**** RECORD EXTRACTS ****

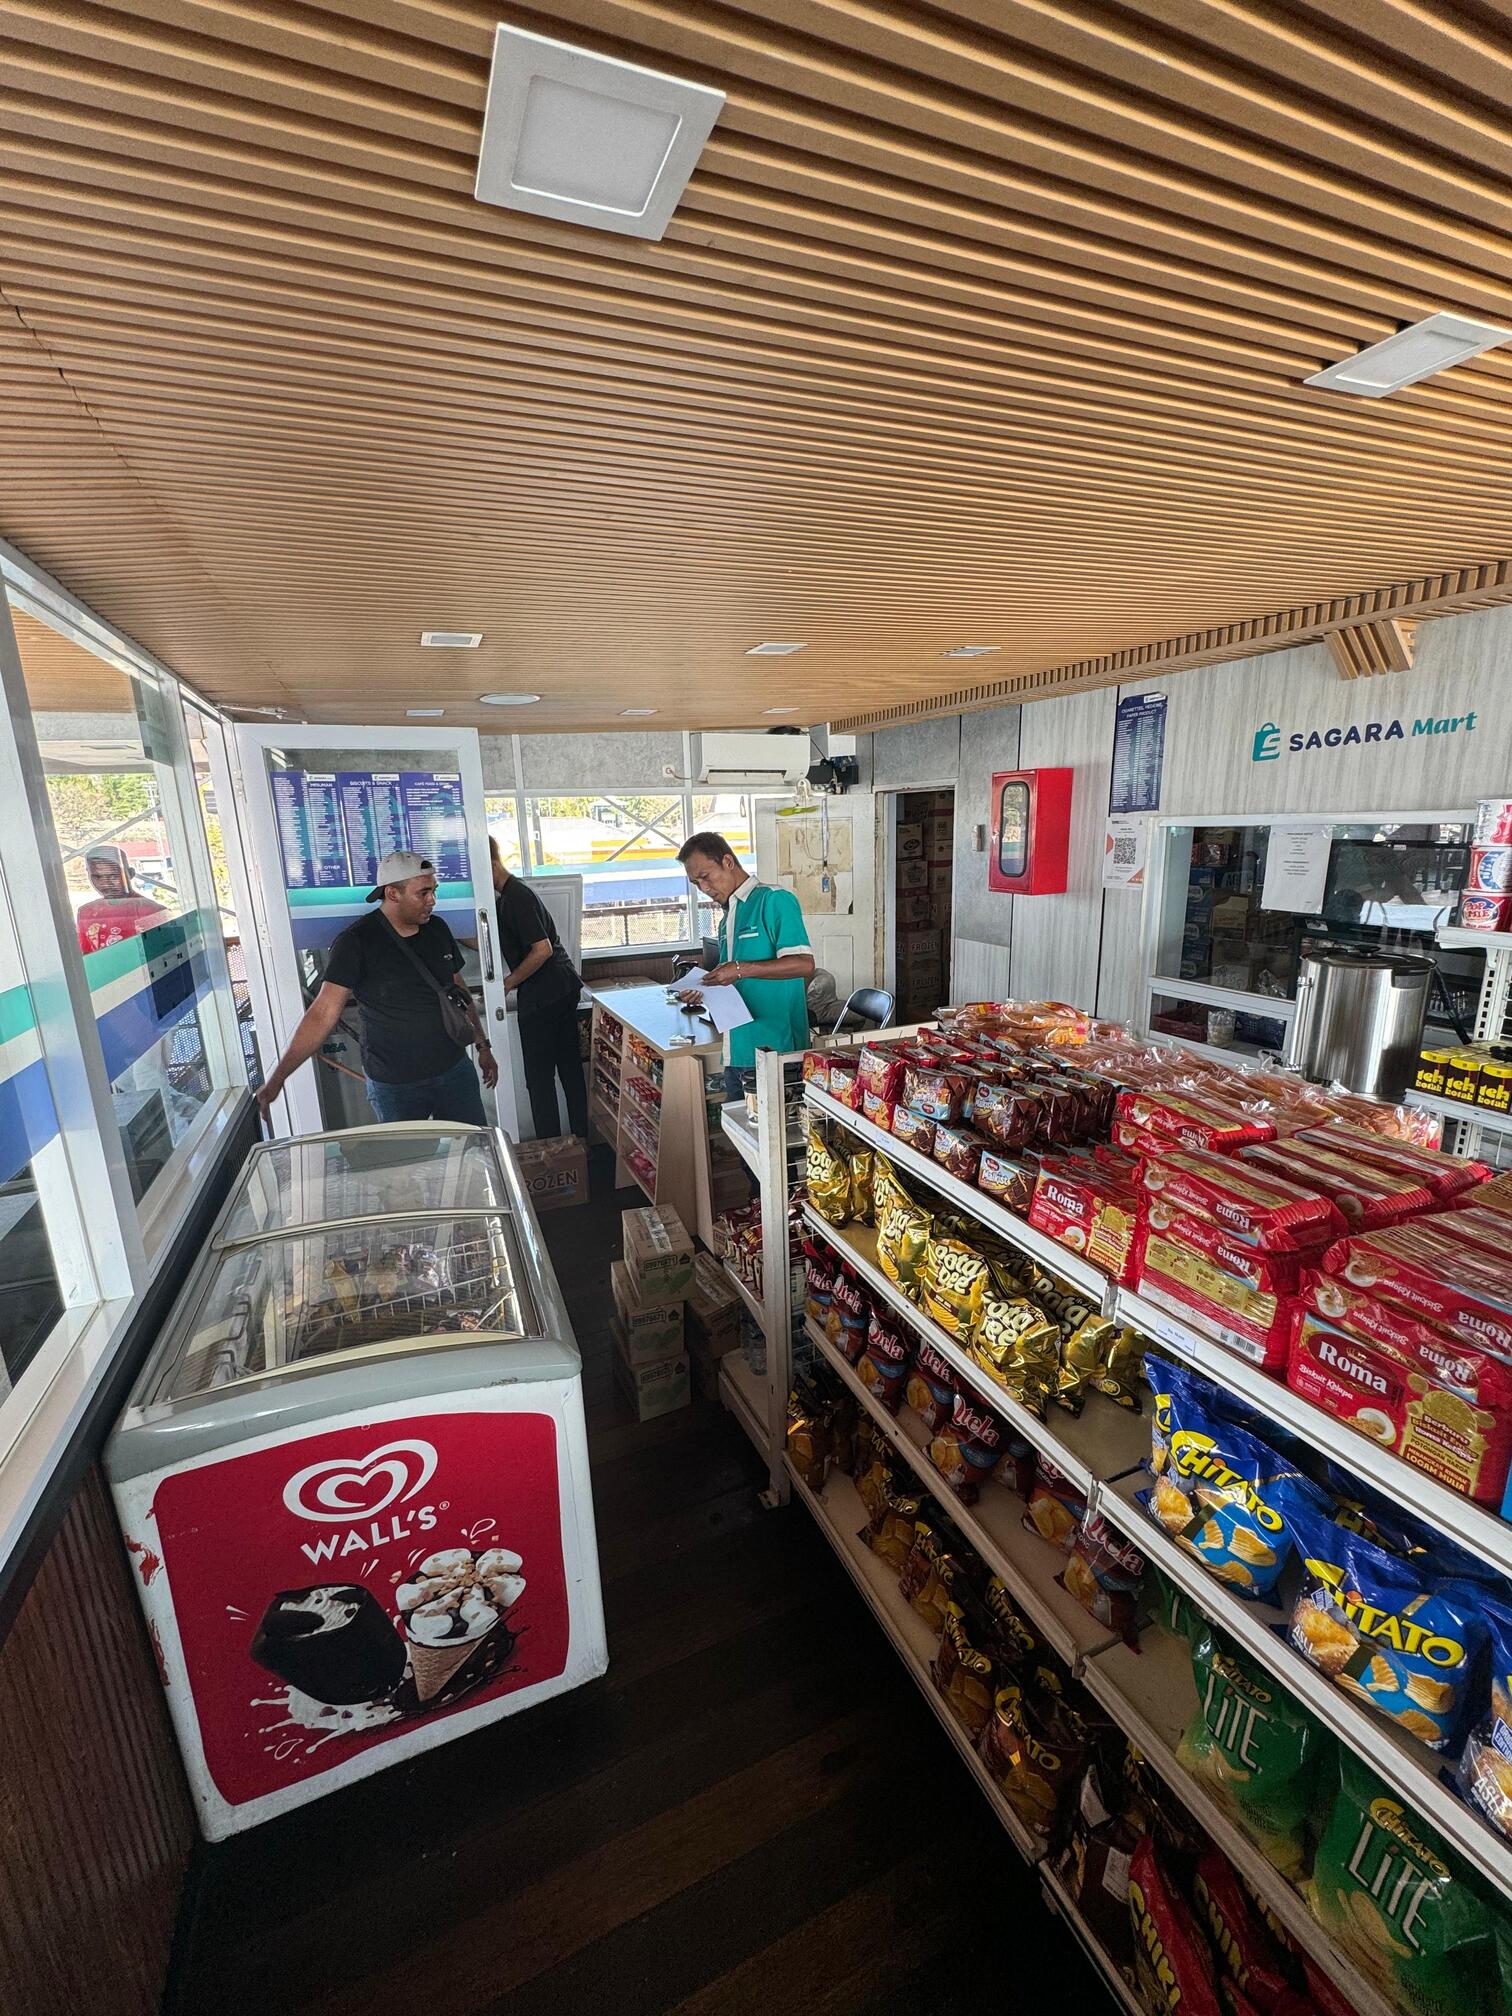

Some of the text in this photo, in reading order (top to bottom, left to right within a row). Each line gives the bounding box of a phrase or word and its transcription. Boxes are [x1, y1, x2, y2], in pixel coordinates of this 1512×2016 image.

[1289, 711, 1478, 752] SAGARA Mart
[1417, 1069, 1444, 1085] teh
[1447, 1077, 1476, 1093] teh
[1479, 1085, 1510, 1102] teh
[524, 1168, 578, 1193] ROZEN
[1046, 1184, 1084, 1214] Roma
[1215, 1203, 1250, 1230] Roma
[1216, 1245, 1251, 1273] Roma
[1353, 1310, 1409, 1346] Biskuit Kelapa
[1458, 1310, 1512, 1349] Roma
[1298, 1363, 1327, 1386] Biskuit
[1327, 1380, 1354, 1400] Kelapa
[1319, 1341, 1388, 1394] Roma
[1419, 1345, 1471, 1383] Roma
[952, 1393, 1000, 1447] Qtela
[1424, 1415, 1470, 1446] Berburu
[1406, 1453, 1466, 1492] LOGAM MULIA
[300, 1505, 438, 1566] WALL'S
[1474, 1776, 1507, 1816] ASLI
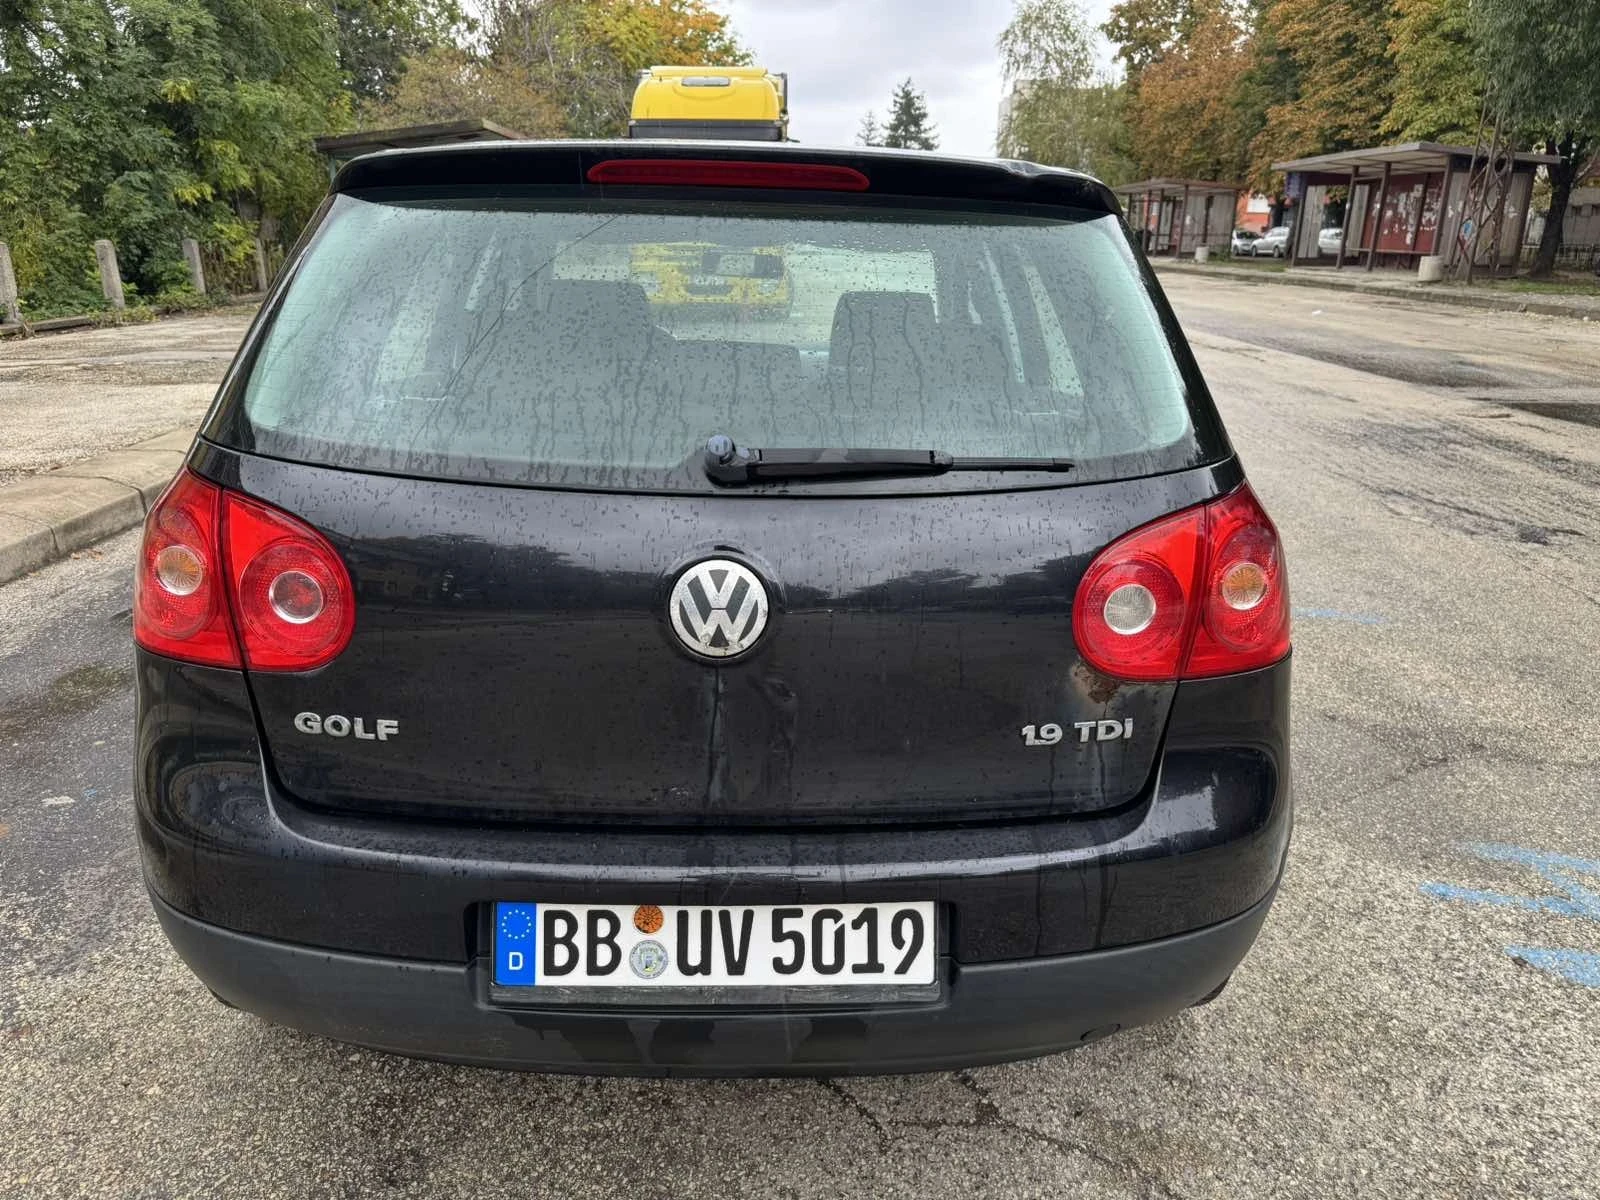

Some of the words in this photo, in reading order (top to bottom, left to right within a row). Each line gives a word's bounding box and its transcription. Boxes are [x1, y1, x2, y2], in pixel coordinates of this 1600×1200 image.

****

DESCRIPTION OF THE TASK
Your job is to reproduce the material exactly. Keep pictures out of it.

RESPONSE BELOW
Some of the text in this photo, in reading order (top to bottom, left to right within a row). Each line gives the bounding box of a phrase or word and its transcription. Boxes are [x1, y1, x2, y2], in pixel coordinates of this 1512×2016 image.

[1289, 711, 1478, 752] SAGARA Mart
[1417, 1069, 1444, 1085] teh
[1447, 1077, 1476, 1093] teh
[1479, 1085, 1510, 1102] teh
[524, 1168, 578, 1193] ROZEN
[1046, 1184, 1084, 1214] Roma
[1215, 1203, 1250, 1230] Roma
[1216, 1245, 1251, 1273] Roma
[1353, 1310, 1409, 1346] Biskuit Kelapa
[1458, 1310, 1512, 1349] Roma
[1298, 1363, 1327, 1386] Biskuit
[1327, 1380, 1354, 1400] Kelapa
[1319, 1341, 1388, 1394] Roma
[1419, 1345, 1471, 1383] Roma
[952, 1393, 1000, 1447] Qtela
[1424, 1415, 1470, 1446] Berburu
[1406, 1453, 1466, 1492] LOGAM MULIA
[300, 1505, 438, 1566] WALL'S
[1474, 1776, 1507, 1816] ASLI

Some of the words in this photo, in reading order (top to bottom, left to right within a row). Each line gives a word's bounding box and its transcription. Boxes are [x1, y1, x2, y2], in pixel coordinates of this 1600×1200 image.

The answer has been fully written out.